-------- Given information --------

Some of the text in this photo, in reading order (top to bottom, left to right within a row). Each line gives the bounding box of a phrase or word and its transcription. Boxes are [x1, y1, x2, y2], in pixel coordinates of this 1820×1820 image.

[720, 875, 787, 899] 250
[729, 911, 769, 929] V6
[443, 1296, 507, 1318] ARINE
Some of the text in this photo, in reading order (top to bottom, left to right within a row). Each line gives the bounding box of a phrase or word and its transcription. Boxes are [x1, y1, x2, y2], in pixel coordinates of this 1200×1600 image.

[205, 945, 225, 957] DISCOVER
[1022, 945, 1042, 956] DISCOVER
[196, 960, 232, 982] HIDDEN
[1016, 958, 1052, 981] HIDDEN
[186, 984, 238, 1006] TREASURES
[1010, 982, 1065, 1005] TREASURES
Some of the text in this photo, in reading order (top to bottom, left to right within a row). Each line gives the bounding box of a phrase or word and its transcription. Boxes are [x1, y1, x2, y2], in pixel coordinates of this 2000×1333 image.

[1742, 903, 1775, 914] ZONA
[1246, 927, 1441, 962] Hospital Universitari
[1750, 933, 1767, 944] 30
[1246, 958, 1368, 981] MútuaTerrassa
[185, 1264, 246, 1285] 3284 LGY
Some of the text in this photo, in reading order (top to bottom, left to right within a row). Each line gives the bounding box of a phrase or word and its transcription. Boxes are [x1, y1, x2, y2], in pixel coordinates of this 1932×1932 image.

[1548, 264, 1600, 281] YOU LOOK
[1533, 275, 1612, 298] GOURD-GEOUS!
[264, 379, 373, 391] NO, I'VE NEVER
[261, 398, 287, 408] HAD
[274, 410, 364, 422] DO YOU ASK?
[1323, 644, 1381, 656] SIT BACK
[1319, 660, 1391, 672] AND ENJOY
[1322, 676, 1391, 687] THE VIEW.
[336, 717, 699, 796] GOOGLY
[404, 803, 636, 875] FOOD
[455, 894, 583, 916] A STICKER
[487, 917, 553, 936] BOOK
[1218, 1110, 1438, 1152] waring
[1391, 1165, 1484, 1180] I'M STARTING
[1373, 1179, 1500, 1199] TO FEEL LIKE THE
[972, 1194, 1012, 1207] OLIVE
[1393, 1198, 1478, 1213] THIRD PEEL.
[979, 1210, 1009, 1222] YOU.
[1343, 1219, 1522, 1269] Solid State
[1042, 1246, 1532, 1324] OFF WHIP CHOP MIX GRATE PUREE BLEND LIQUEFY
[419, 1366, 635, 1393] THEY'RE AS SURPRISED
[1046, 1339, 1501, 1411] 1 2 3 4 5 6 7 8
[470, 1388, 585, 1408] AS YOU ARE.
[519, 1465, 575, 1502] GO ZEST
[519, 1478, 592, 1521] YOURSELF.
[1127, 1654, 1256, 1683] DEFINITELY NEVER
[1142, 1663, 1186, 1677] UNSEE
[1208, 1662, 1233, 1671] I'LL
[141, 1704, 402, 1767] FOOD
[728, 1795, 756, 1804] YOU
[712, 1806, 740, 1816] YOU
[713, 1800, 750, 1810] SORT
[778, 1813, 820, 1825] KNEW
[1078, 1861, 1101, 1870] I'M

--------

**Directions**
The task calls for each record to be returned verbatim.

**Exercise output**
Some of the text in this photo, in reading order (top to bottom, left to right within a row). Each line gives the bounding box of a phrase or word and its transcription. Boxes are [x1, y1, x2, y2], in pixel coordinates of this 1820×1820 image.

[720, 875, 787, 899] 250
[729, 911, 769, 929] V6
[443, 1296, 507, 1318] ARINE
Some of the text in this photo, in reading order (top to bottom, left to right within a row). Each line gives the bounding box of a phrase or word and its transcription. Boxes are [x1, y1, x2, y2], in pixel coordinates of this 1200×1600 image.

[205, 945, 225, 957] DISCOVER
[1022, 945, 1042, 956] DISCOVER
[196, 960, 232, 982] HIDDEN
[1016, 958, 1052, 981] HIDDEN
[186, 984, 238, 1006] TREASURES
[1010, 982, 1065, 1005] TREASURES
Some of the text in this photo, in reading order (top to bottom, left to right within a row). Each line gives the bounding box of a phrase or word and its transcription. Boxes are [x1, y1, x2, y2], in pixel coordinates of this 2000×1333 image.

[1742, 903, 1775, 914] ZONA
[1246, 927, 1441, 962] Hospital Universitari
[1750, 933, 1767, 944] 30
[1246, 958, 1368, 981] MútuaTerrassa
[185, 1264, 246, 1285] 3284 LGY
Some of the text in this photo, in reading order (top to bottom, left to right within a row). Each line gives the bounding box of a phrase or word and its transcription. Boxes are [x1, y1, x2, y2], in pixel coordinates of this 1932×1932 image.

[1548, 264, 1600, 281] YOU LOOK
[1533, 275, 1612, 298] GOURD-GEOUS!
[264, 379, 373, 391] NO, I'VE NEVER
[261, 398, 287, 408] HAD
[274, 410, 364, 422] DO YOU ASK?
[1323, 644, 1381, 656] SIT BACK
[1319, 660, 1391, 672] AND ENJOY
[1322, 676, 1391, 687] THE VIEW.
[336, 717, 699, 796] GOOGLY
[404, 803, 636, 875] FOOD
[455, 894, 583, 916] A STICKER
[487, 917, 553, 936] BOOK
[1218, 1110, 1438, 1152] waring
[1391, 1165, 1484, 1180] I'M STARTING
[1373, 1179, 1500, 1199] TO FEEL LIKE THE
[972, 1194, 1012, 1207] OLIVE
[1393, 1198, 1478, 1213] THIRD PEEL.
[979, 1210, 1009, 1222] YOU.
[1343, 1219, 1522, 1269] Solid State
[1042, 1246, 1532, 1324] OFF WHIP CHOP MIX GRATE PUREE BLEND LIQUEFY
[419, 1366, 635, 1393] THEY'RE AS SURPRISED
[1046, 1339, 1501, 1411] 1 2 3 4 5 6 7 8
[470, 1388, 585, 1408] AS YOU ARE.
[519, 1465, 575, 1502] GO ZEST
[519, 1478, 592, 1521] YOURSELF.
[1127, 1654, 1256, 1683] DEFINITELY NEVER
[1142, 1663, 1186, 1677] UNSEE
[1208, 1662, 1233, 1671] I'LL
[141, 1704, 402, 1767] FOOD
[728, 1795, 756, 1804] YOU
[712, 1806, 740, 1816] YOU
[713, 1800, 750, 1810] SORT
[778, 1813, 820, 1825] KNEW
[1078, 1861, 1101, 1870] I'M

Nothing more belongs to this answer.